Either Allie’s putting her on, Sanie thinks, or else she’s a cult convert, repeating what’s she’s been programmed to say by Swami Will. Or maybe it’s love.
“I have to go,” Allie says. “We’re driving to the Meher Baba Center in Myrtle Beach. Do you know Baba?”
“Dead Indian guy, right? Religious figure?”
Allie’s dismayed reaction is so profound, Sanie feels ashamed at having smart-mouthed her.
“I’m sorry,” Sanie says. “I had a rough night. Come on, sit down. We can chat.”
“Will says you’re in danger.”
Was that a glimmer of vindictiveness in Allie’s face? Was the warning offered as a curse? Sanie thinks so, yet at the same time, it’s hard to believe this Vegan redneck could have a mean zone in her astral body.
“Did he specify the nature of this danger?”
“Imminent,” says Allie, pronouncing the word with a British precision.

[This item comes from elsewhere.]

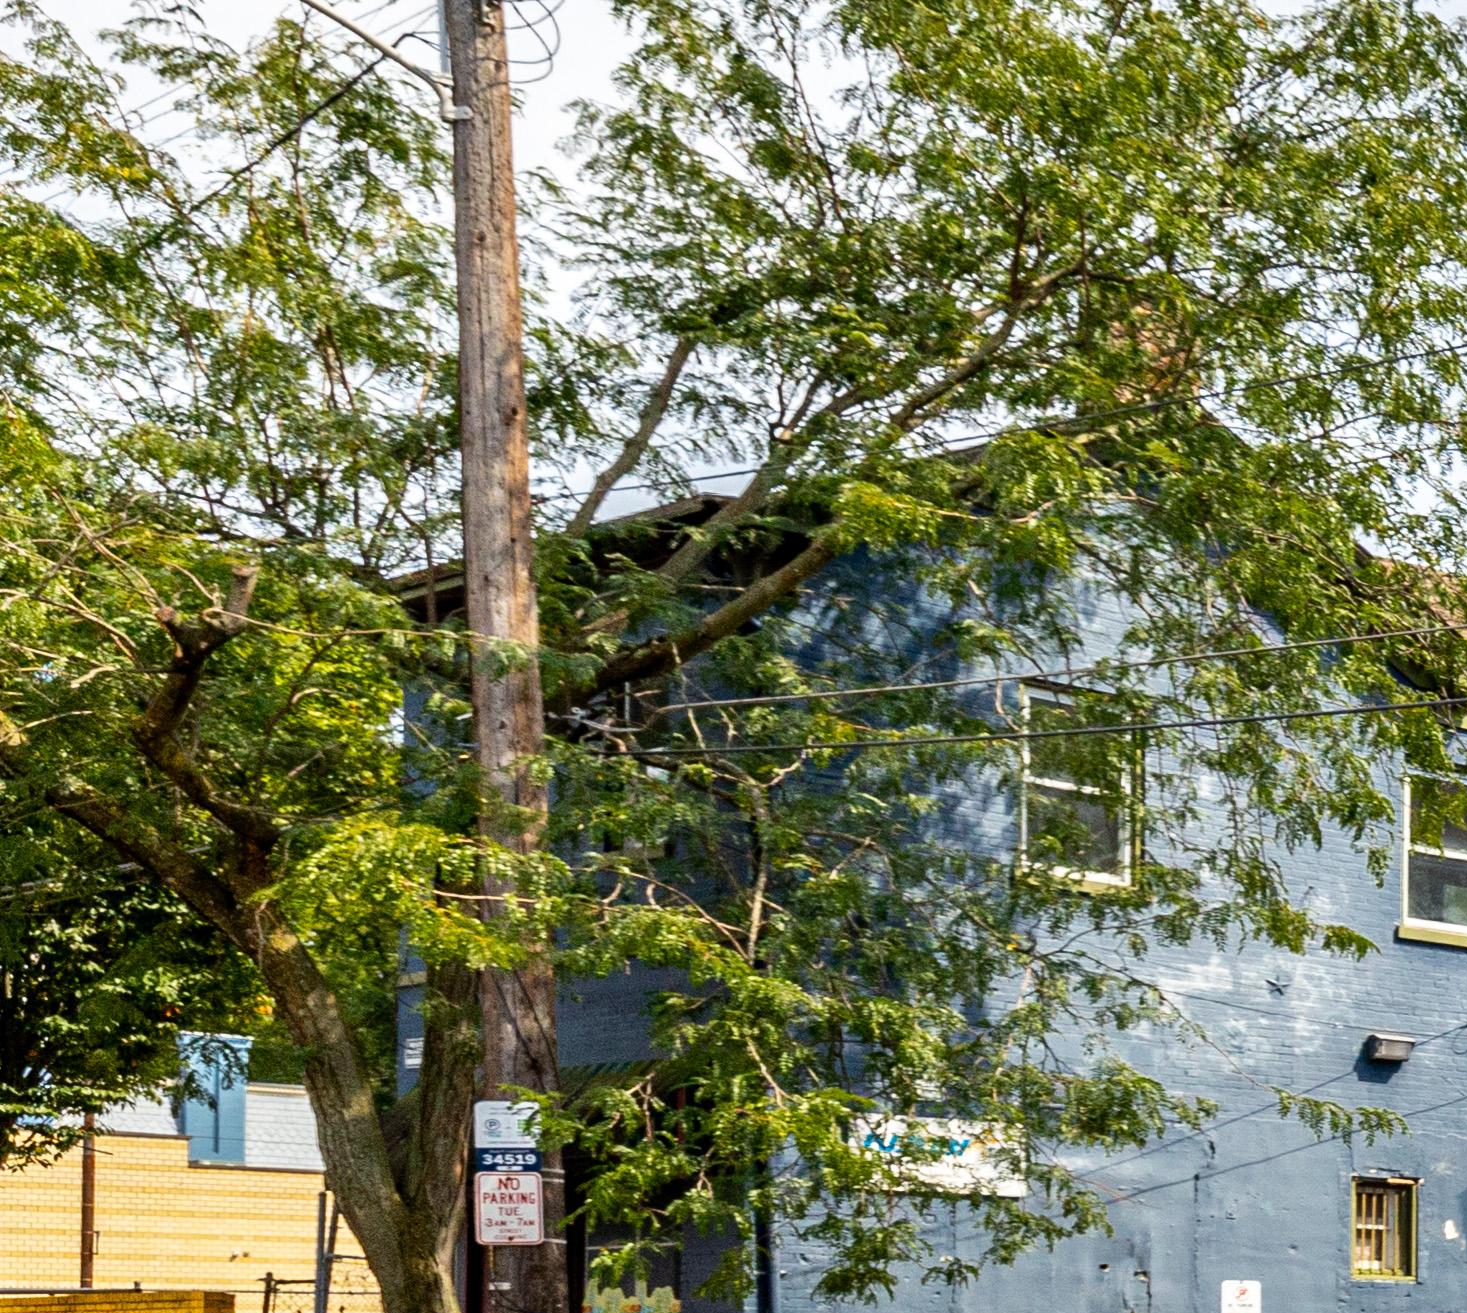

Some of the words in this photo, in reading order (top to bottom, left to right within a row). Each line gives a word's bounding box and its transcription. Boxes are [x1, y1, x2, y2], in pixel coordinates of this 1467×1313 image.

[481, 1153, 537, 1165] 34519
[497, 1177, 520, 1191] NO
[482, 1192, 536, 1205] PARKING

She marches toward the door.
“Did you come in here for a reason?” Sanie asks. “Something you needed, maybe?”
“Oh. Yes. A spoon.”
“Top drawer left of the sink.”
Allie pads over to the sink, extracts a spoon and, holding it in front of her like a nun holding a cross, exits without another word spoken. Sanie wonders what she’ll do with the spoon. Bend it with her mental rays, maybe. Stir some herbal fungus into her yoghurt. Spank Will. It’s best not to speculate. As for Will’s warning—if it was his and not Allie taking a cheap shot at her for having dissed the avatar—she supposes it was a part of Will’s love tactics, impressing Allie with his knowledge of the beyond so as to get her into the sack.